START Recorded data
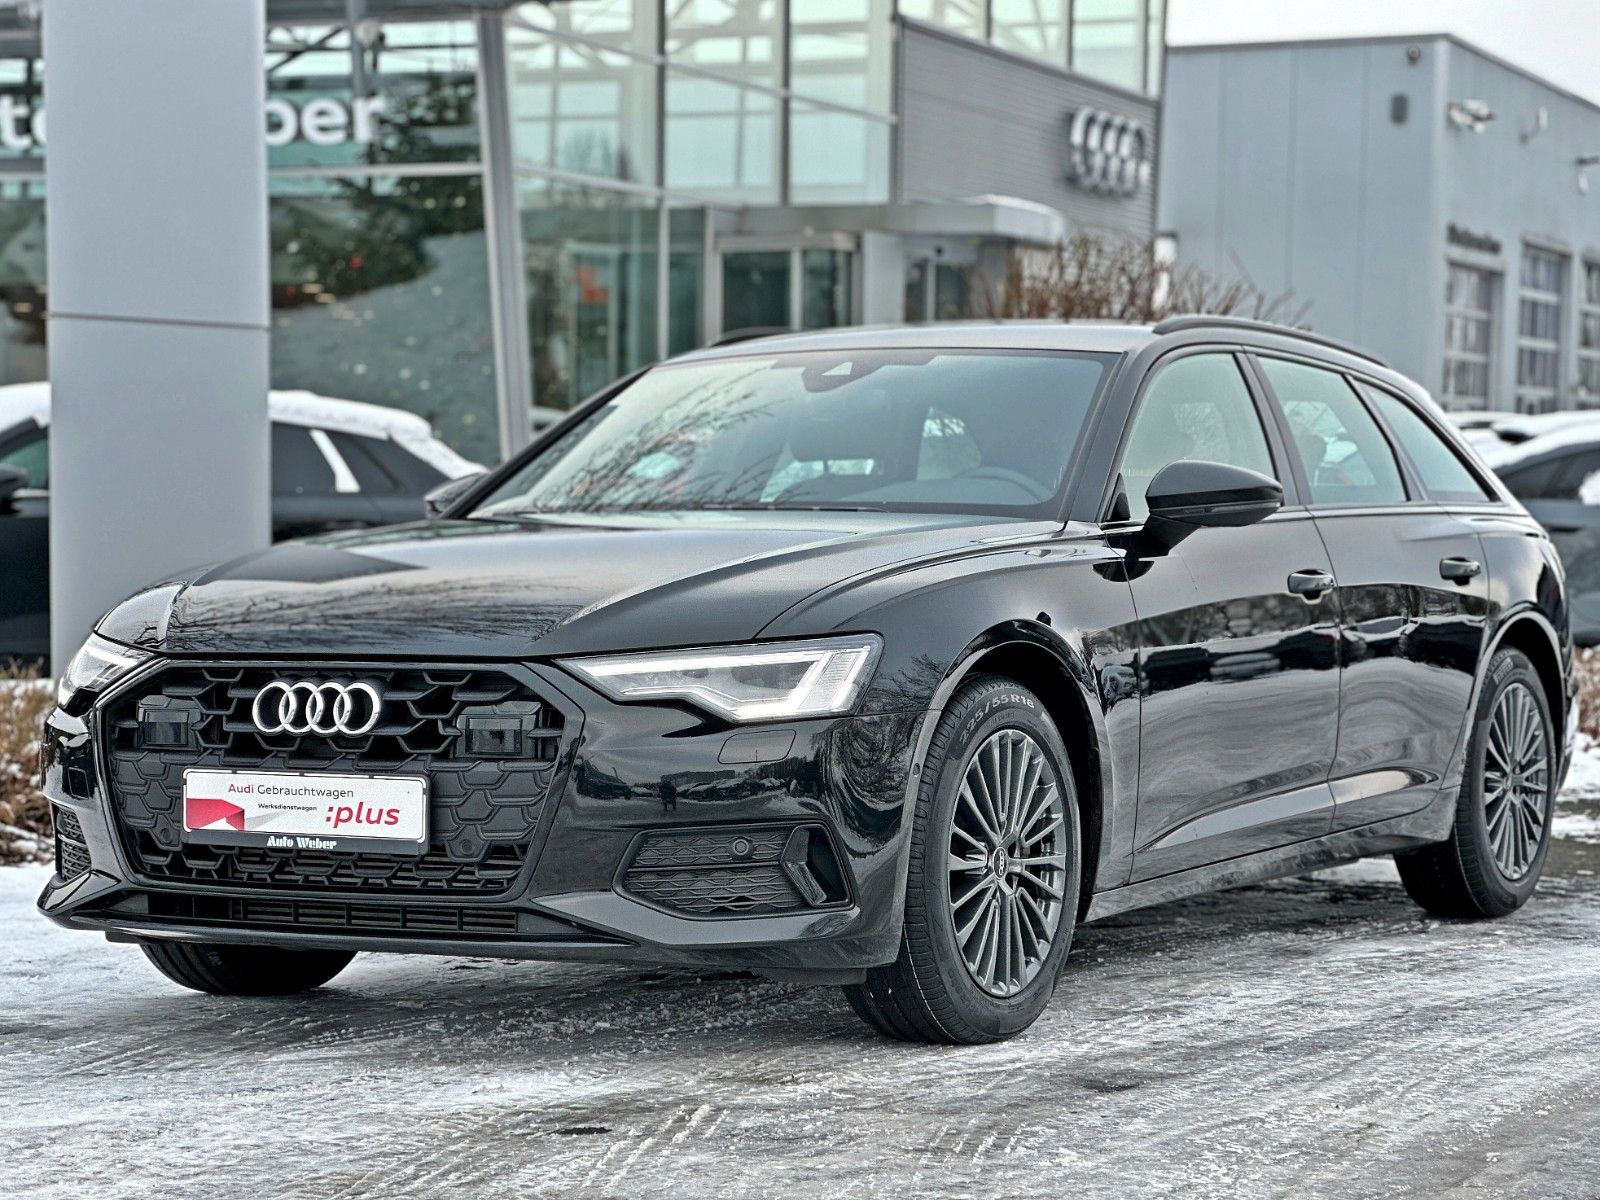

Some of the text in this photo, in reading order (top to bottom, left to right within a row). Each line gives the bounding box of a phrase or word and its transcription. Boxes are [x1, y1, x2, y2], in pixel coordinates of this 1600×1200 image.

[227, 783, 354, 799] Audi Gebrauchtwagen
[257, 803, 318, 812] Werksdienstwagen
[325, 801, 400, 829] :plus
[266, 835, 337, 850] Auto Weber
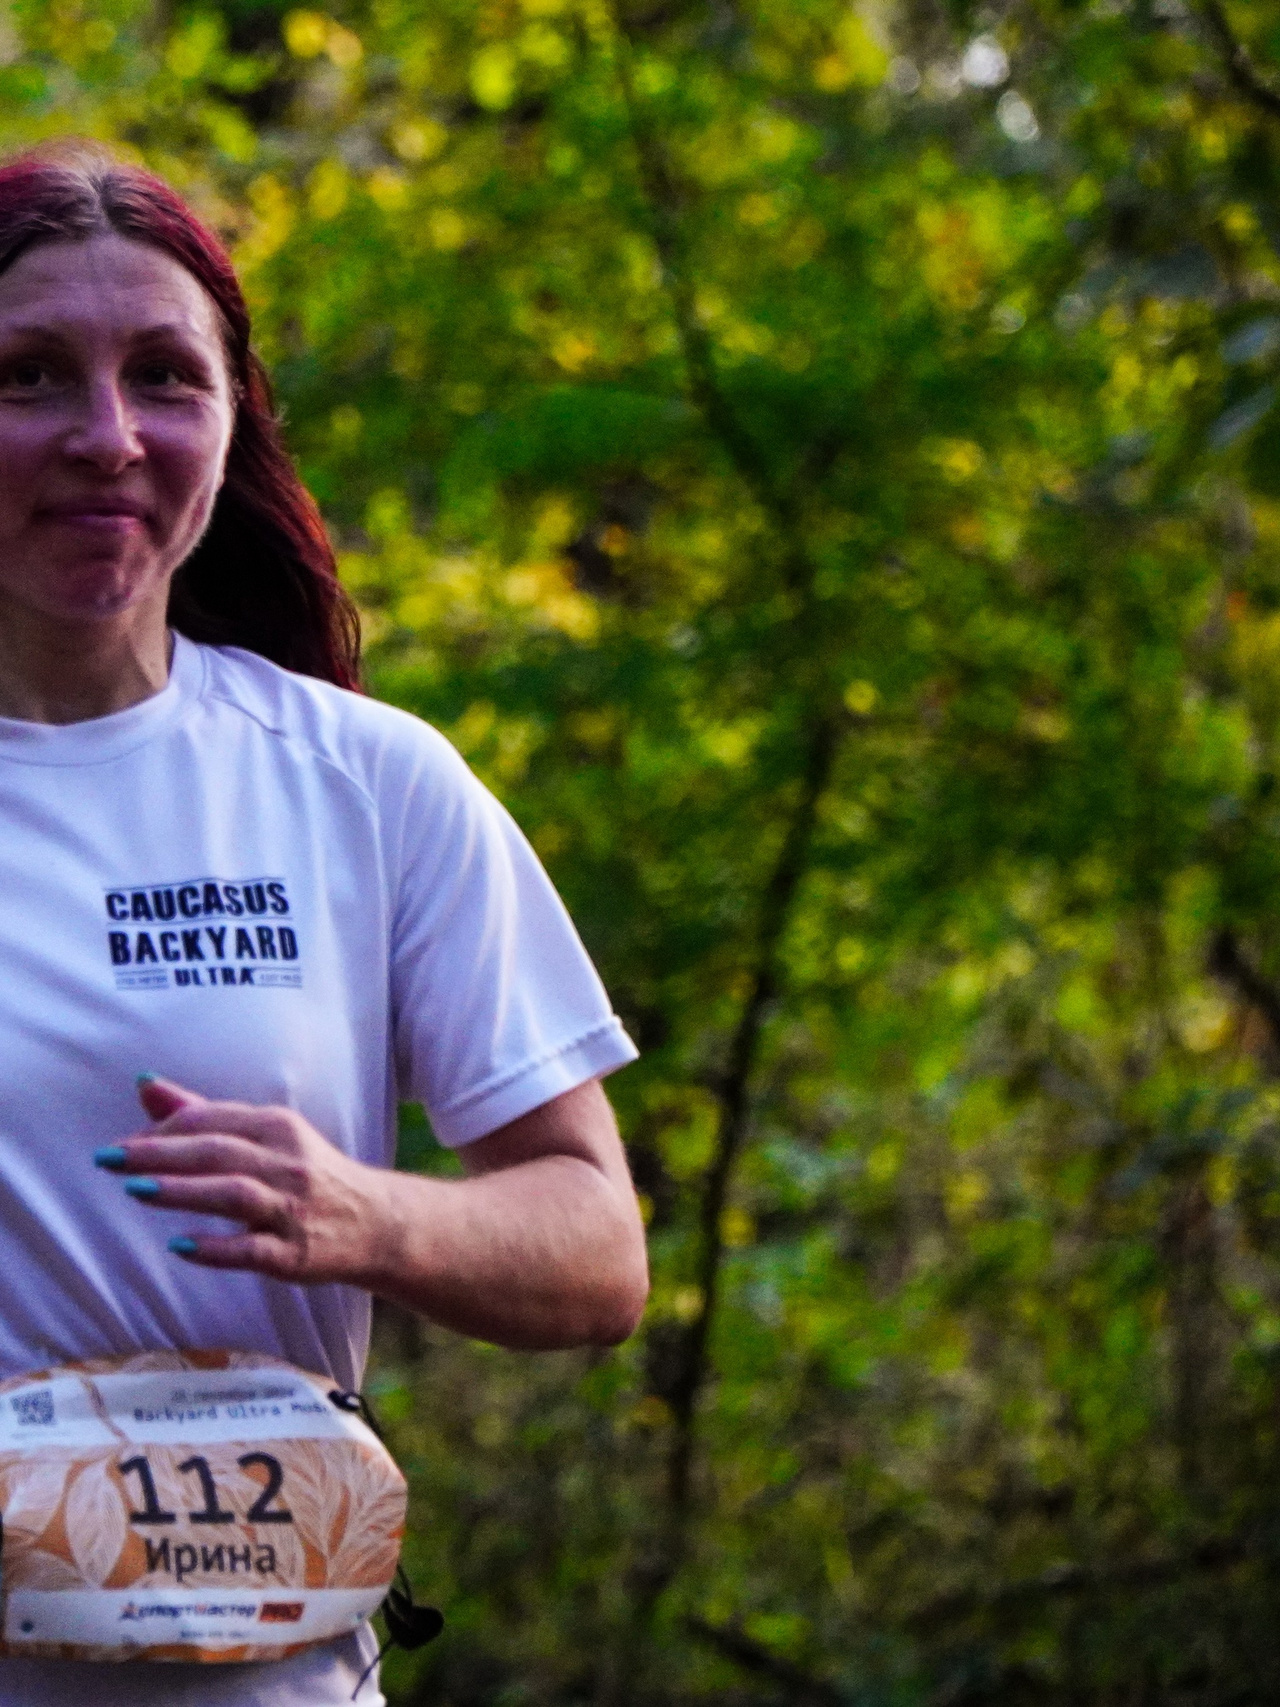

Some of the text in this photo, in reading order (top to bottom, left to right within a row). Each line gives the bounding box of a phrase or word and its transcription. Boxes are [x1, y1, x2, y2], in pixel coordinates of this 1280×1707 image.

[105, 882, 290, 921] CAUCASUS
[108, 926, 299, 965] BACKYARD
[174, 967, 256, 986] ULTRA
[227, 1404, 281, 1419] Ultra
[119, 1451, 293, 1524] 112
[145, 1539, 278, 1583] Ирина
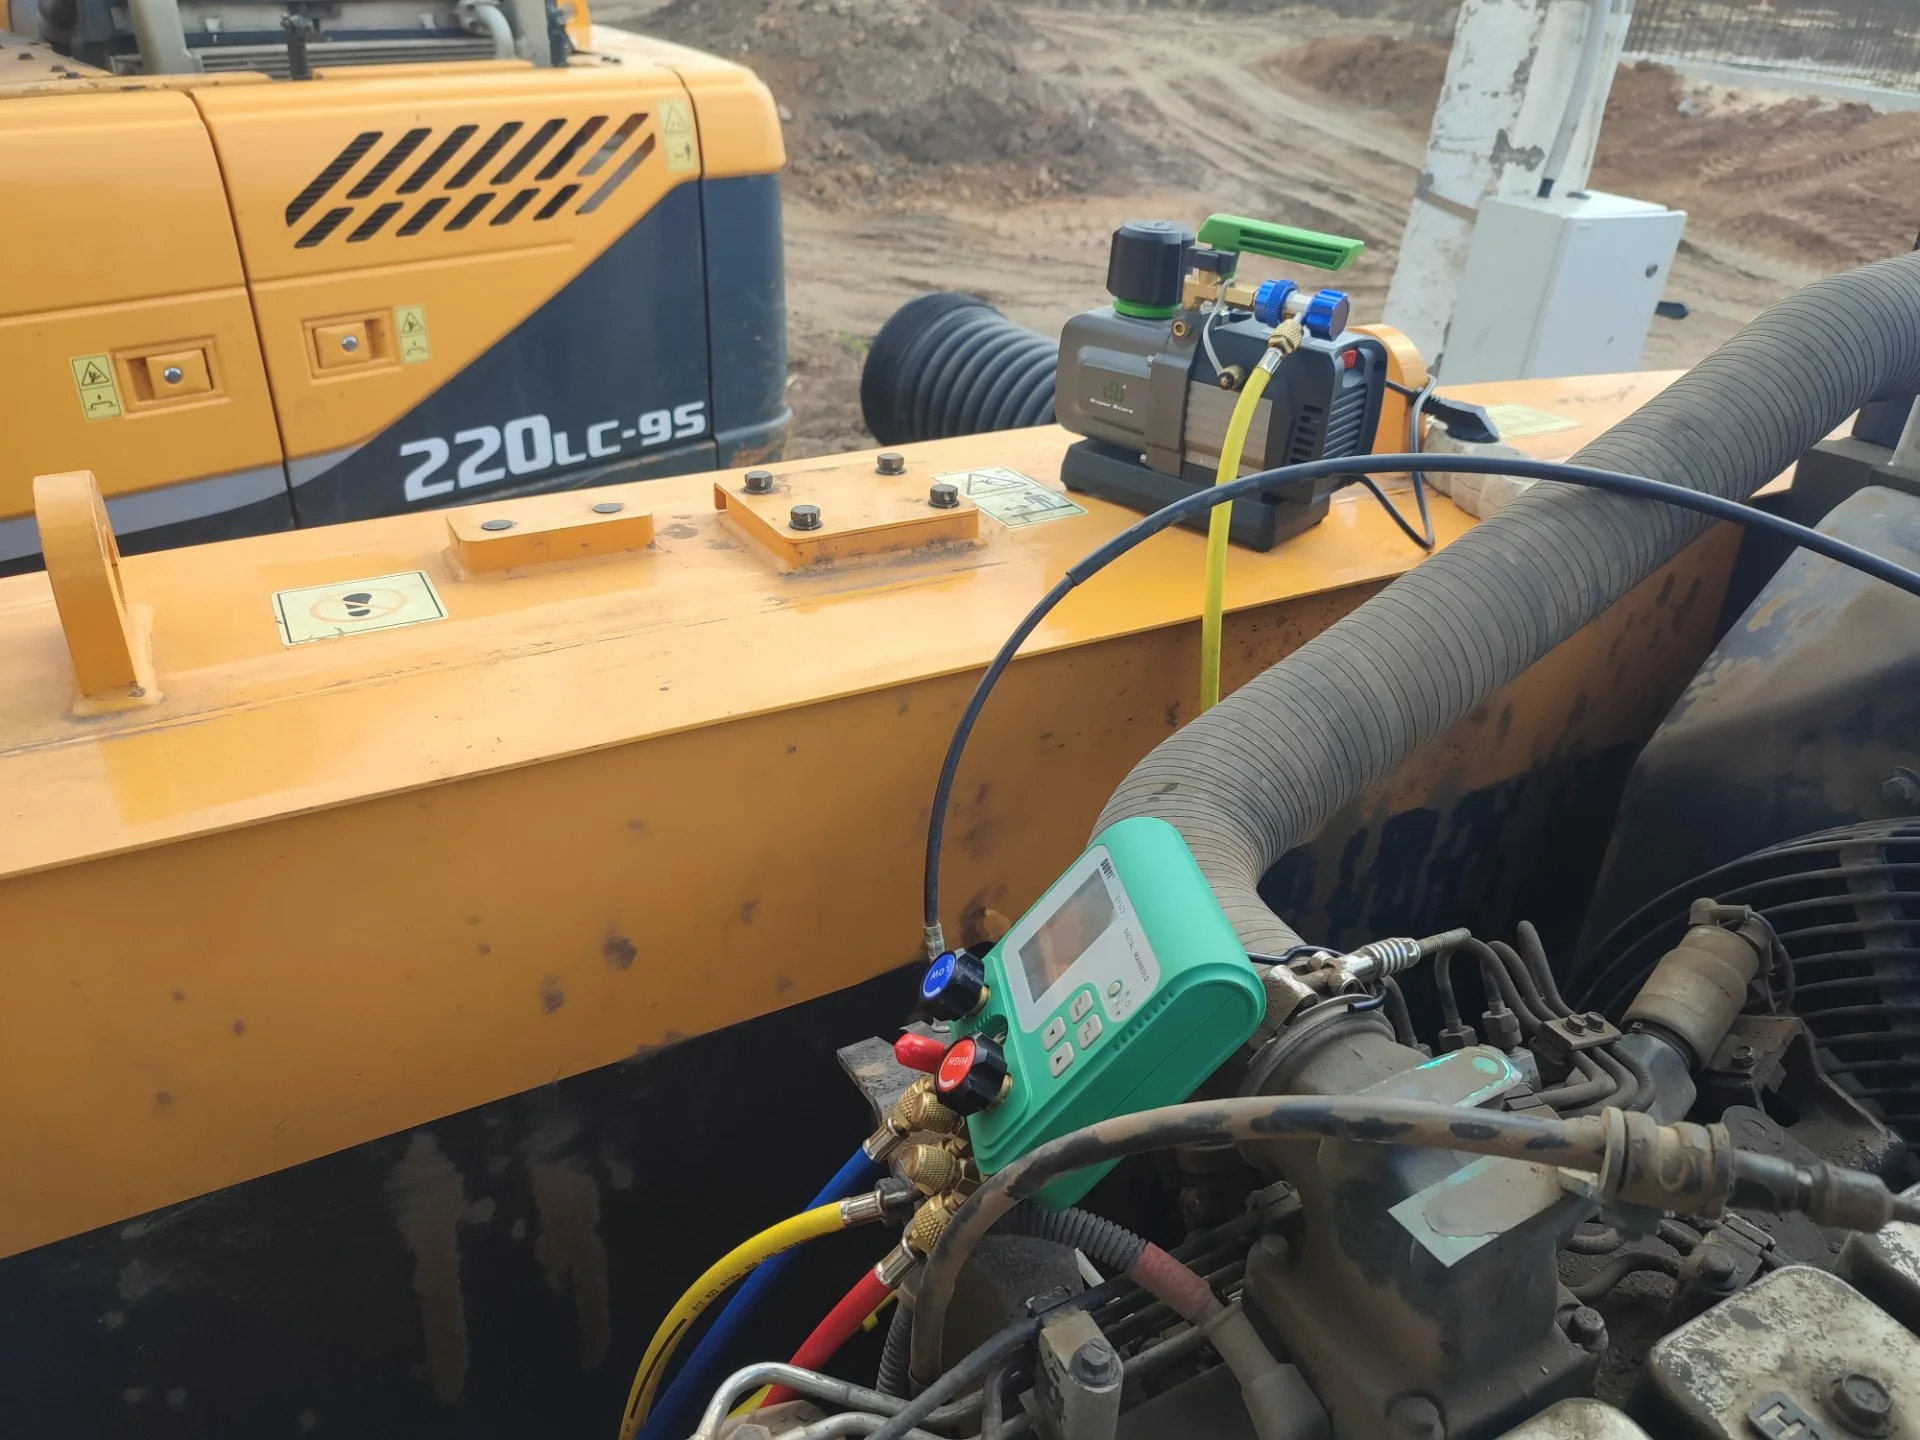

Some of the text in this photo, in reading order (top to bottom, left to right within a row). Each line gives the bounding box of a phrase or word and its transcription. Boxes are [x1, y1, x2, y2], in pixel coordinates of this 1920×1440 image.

[400, 400, 706, 502] 220LC-9S
[930, 965, 950, 981] LOW
[948, 1056, 969, 1068] HIGH
END Recorded data
The problem
Your answer must consist only of the lines from the one containing "this 1280×1707 image." through the end of the entries, restated word for word, with no pictures.

Problem solution
Some of the text in this photo, in reading order (top to bottom, left to right within a row). Each line gives the bounding box of a phrase or word and its transcription. Boxes are [x1, y1, x2, y2], in pixel coordinates of this 1280×1707 image.

[105, 882, 290, 921] CAUCASUS
[108, 926, 299, 965] BACKYARD
[174, 967, 256, 986] ULTRA
[227, 1404, 281, 1419] Ultra
[119, 1451, 293, 1524] 112
[145, 1539, 278, 1583] Ирина

Some of the text in this photo, in reading order (top to bottom, left to right within a row). Each line gives the bounding box of a phrase or word and its transcription. Boxes are [x1, y1, x2, y2], in pixel coordinates of this 1920×1440 image.

[400, 400, 706, 502] 220LC-9S
[930, 965, 950, 981] LOW
[948, 1056, 969, 1068] HIGH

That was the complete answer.